--- Problem description ---
Leave out the pictures and copy everything else in the entries exactly.

--- Supplied material ---
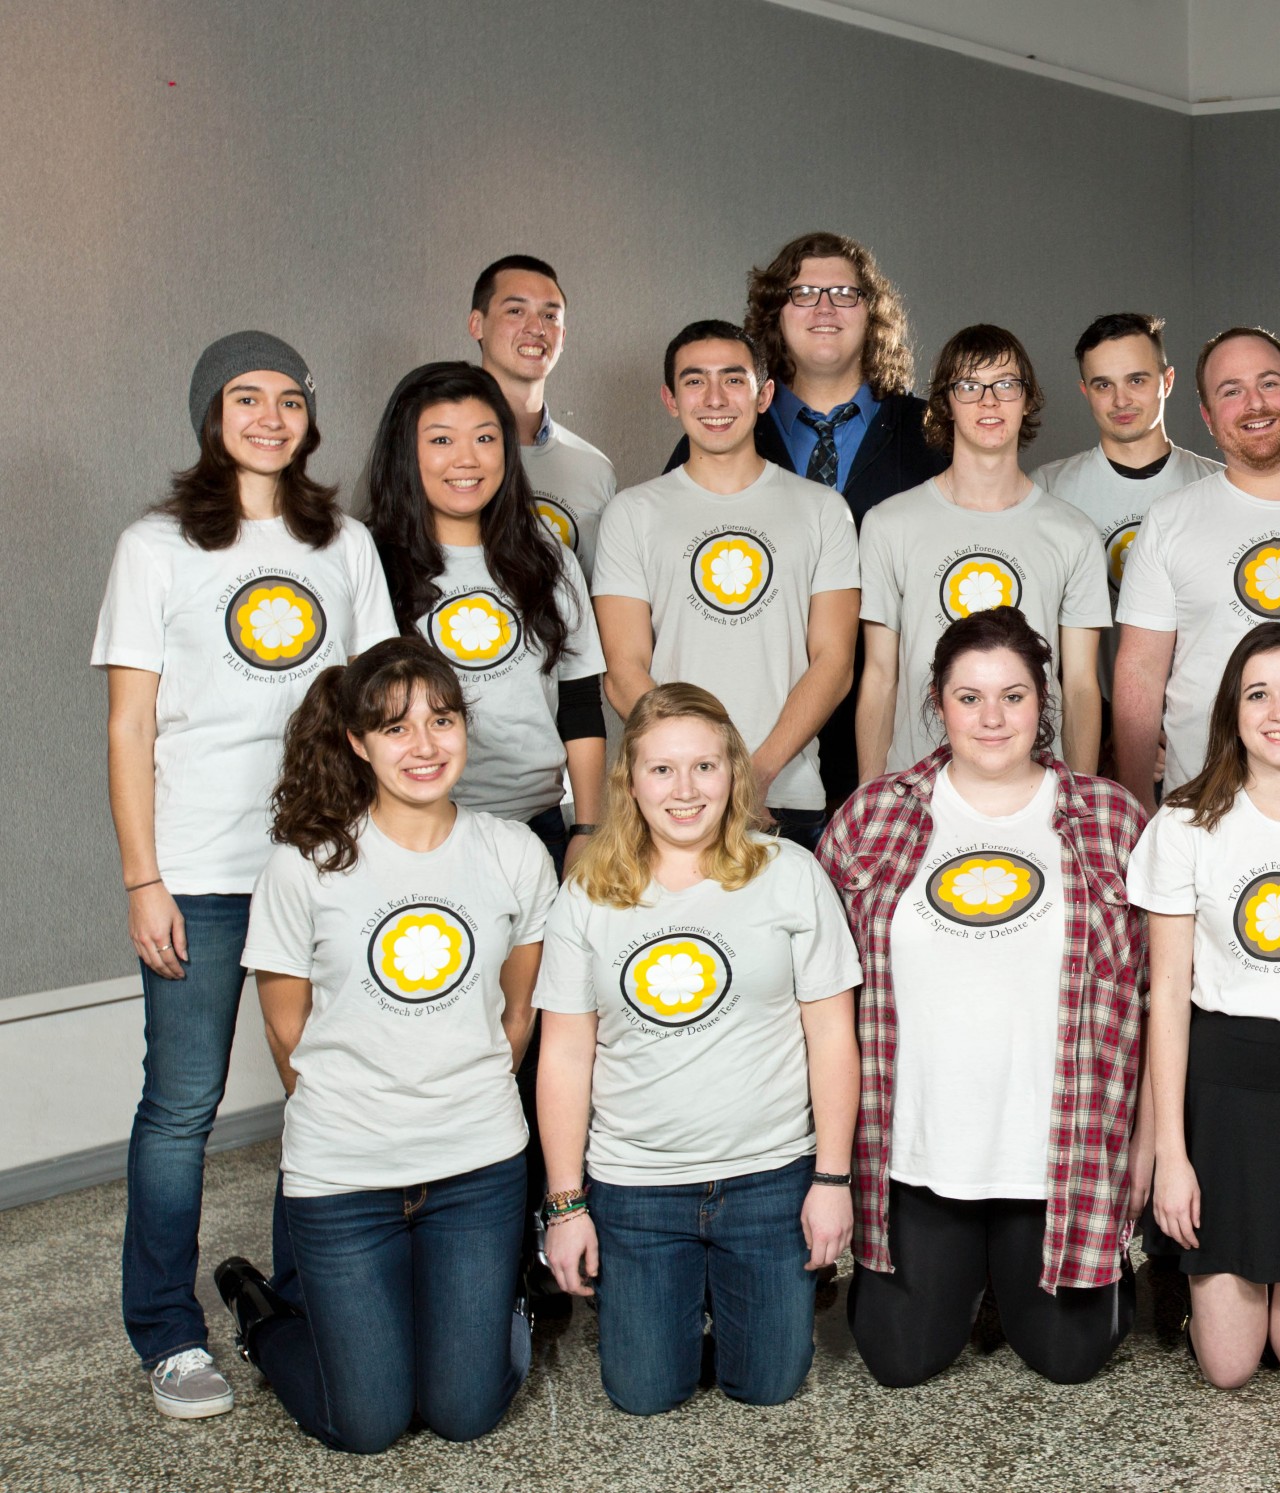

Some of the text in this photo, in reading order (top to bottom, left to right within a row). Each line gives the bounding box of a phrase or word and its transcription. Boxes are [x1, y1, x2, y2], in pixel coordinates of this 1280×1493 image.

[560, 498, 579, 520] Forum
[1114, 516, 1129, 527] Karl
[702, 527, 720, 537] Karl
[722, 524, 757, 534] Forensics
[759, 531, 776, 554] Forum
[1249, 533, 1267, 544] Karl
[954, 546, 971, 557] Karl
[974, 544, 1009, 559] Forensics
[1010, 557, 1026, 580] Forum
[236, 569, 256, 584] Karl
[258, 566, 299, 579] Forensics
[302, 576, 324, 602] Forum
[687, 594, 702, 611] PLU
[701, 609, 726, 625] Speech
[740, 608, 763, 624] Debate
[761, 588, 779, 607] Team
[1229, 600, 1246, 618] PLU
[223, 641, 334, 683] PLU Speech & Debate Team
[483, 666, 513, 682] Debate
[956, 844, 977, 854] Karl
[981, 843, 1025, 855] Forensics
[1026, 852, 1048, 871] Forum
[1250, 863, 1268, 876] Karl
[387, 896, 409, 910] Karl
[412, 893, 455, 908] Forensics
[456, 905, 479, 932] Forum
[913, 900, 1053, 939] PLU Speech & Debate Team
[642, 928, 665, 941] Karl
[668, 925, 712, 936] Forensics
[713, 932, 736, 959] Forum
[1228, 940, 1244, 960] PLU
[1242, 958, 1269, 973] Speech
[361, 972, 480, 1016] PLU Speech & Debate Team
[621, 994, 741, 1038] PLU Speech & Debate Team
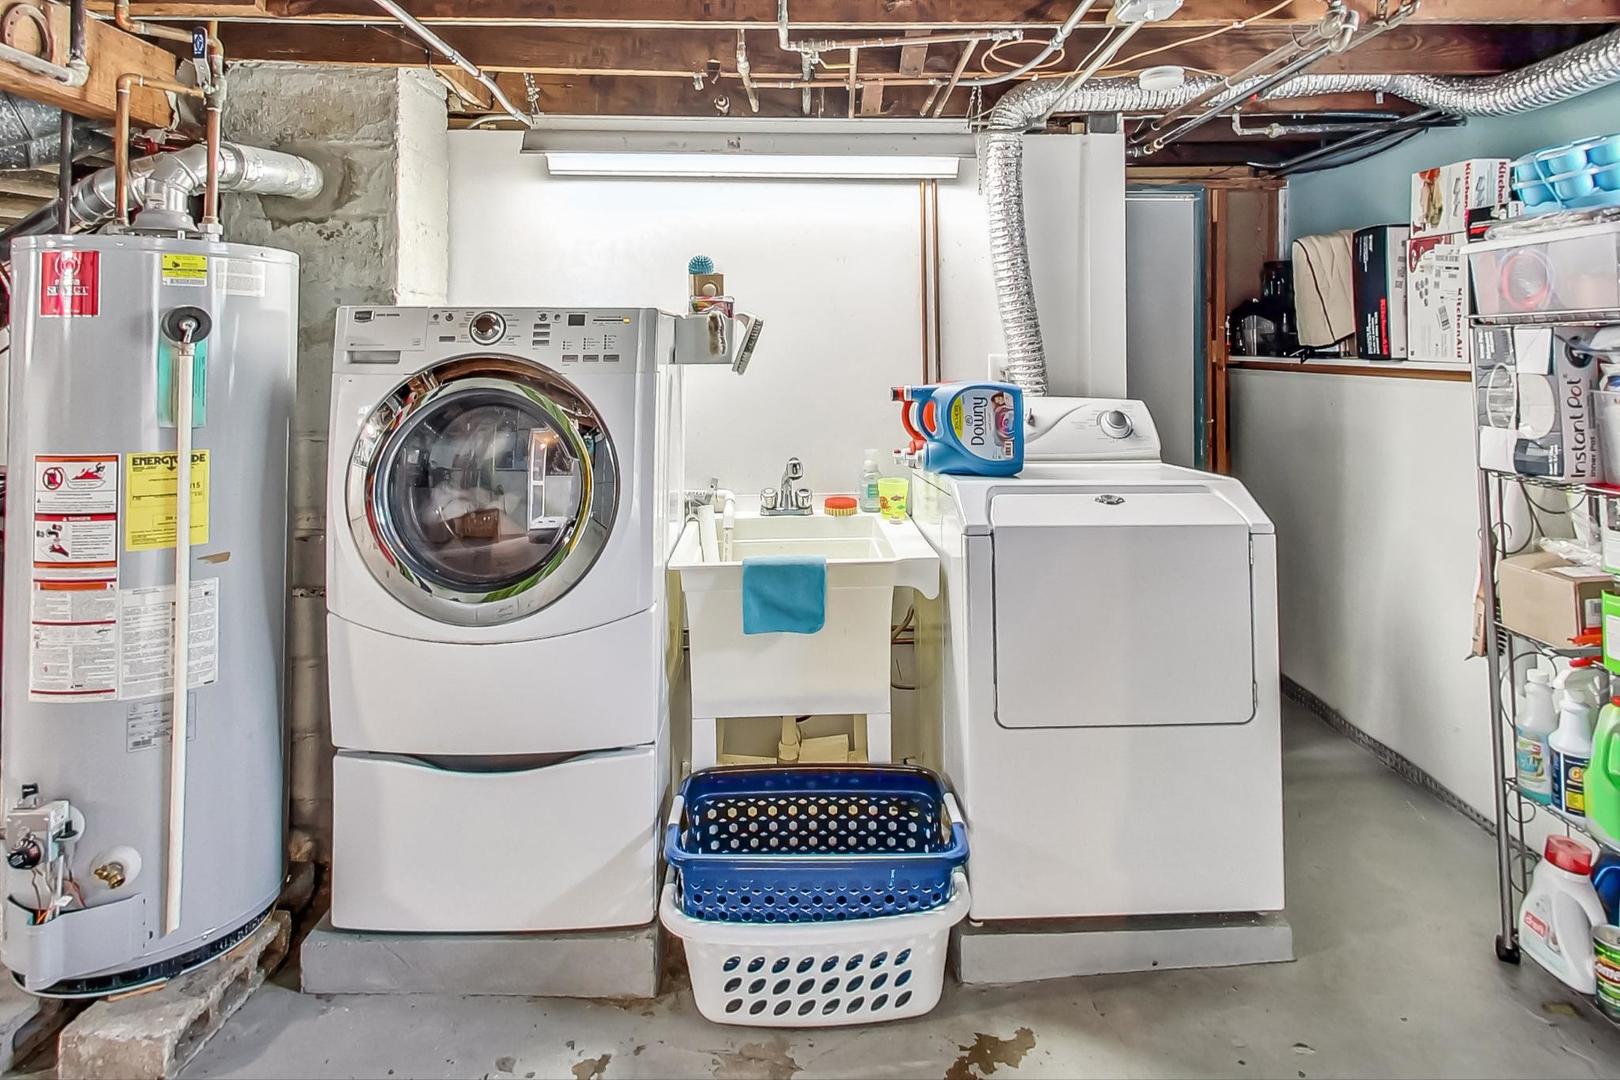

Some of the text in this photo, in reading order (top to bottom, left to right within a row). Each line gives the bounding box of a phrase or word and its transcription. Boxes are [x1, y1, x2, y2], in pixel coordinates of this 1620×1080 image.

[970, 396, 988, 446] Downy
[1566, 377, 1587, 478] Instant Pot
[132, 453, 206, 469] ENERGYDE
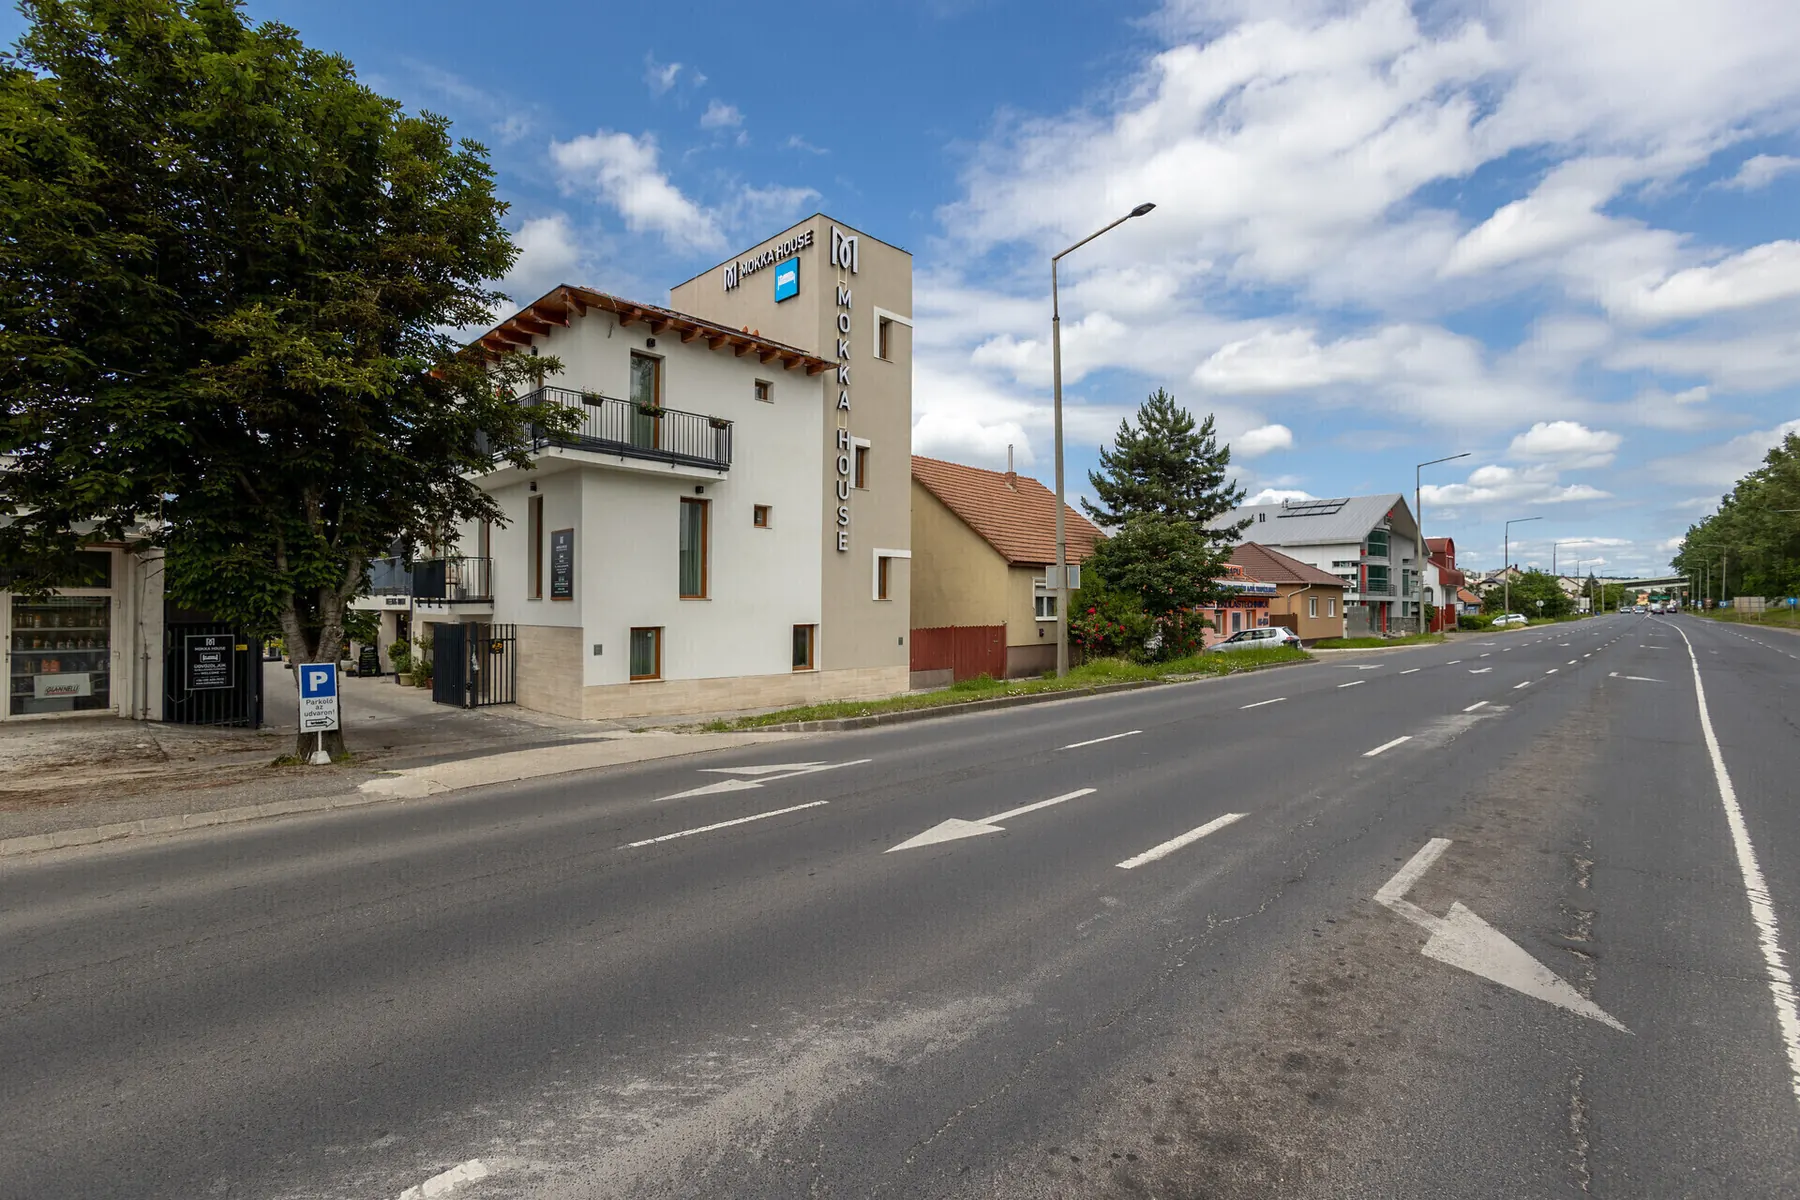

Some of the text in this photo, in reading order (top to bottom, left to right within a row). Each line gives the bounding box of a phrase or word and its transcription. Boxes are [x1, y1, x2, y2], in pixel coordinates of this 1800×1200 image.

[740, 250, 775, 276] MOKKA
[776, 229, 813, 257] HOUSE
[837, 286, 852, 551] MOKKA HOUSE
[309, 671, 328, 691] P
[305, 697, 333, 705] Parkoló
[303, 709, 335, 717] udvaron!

--- Answer space ---
Some of the text in this photo, in reading order (top to bottom, left to right within a row). Each line gives the bounding box of a phrase or word and its transcription. Boxes are [x1, y1, x2, y2], in pixel coordinates of this 1280×1493 image.

[560, 498, 579, 520] Forum
[1114, 516, 1129, 527] Karl
[702, 527, 720, 537] Karl
[722, 524, 757, 534] Forensics
[759, 531, 776, 554] Forum
[1249, 533, 1267, 544] Karl
[954, 546, 971, 557] Karl
[974, 544, 1009, 559] Forensics
[1010, 557, 1026, 580] Forum
[236, 569, 256, 584] Karl
[258, 566, 299, 579] Forensics
[302, 576, 324, 602] Forum
[687, 594, 702, 611] PLU
[701, 609, 726, 625] Speech
[740, 608, 763, 624] Debate
[761, 588, 779, 607] Team
[1229, 600, 1246, 618] PLU
[223, 641, 334, 683] PLU Speech & Debate Team
[483, 666, 513, 682] Debate
[956, 844, 977, 854] Karl
[981, 843, 1025, 855] Forensics
[1026, 852, 1048, 871] Forum
[1250, 863, 1268, 876] Karl
[387, 896, 409, 910] Karl
[412, 893, 455, 908] Forensics
[456, 905, 479, 932] Forum
[913, 900, 1053, 939] PLU Speech & Debate Team
[642, 928, 665, 941] Karl
[668, 925, 712, 936] Forensics
[713, 932, 736, 959] Forum
[1228, 940, 1244, 960] PLU
[1242, 958, 1269, 973] Speech
[361, 972, 480, 1016] PLU Speech & Debate Team
[621, 994, 741, 1038] PLU Speech & Debate Team

Some of the text in this photo, in reading order (top to bottom, left to right within a row). Each line gives the bounding box of a phrase or word and its transcription. Boxes are [x1, y1, x2, y2], in pixel coordinates of this 1620×1080 image.

[970, 396, 988, 446] Downy
[1566, 377, 1587, 478] Instant Pot
[132, 453, 206, 469] ENERGYDE

Some of the text in this photo, in reading order (top to bottom, left to right within a row). Each line gives the bounding box of a phrase or word and its transcription. Boxes are [x1, y1, x2, y2], in pixel coordinates of this 1800×1200 image.

[740, 250, 775, 276] MOKKA
[776, 229, 813, 257] HOUSE
[837, 286, 852, 551] MOKKA HOUSE
[309, 671, 328, 691] P
[305, 697, 333, 705] Parkoló
[303, 709, 335, 717] udvaron!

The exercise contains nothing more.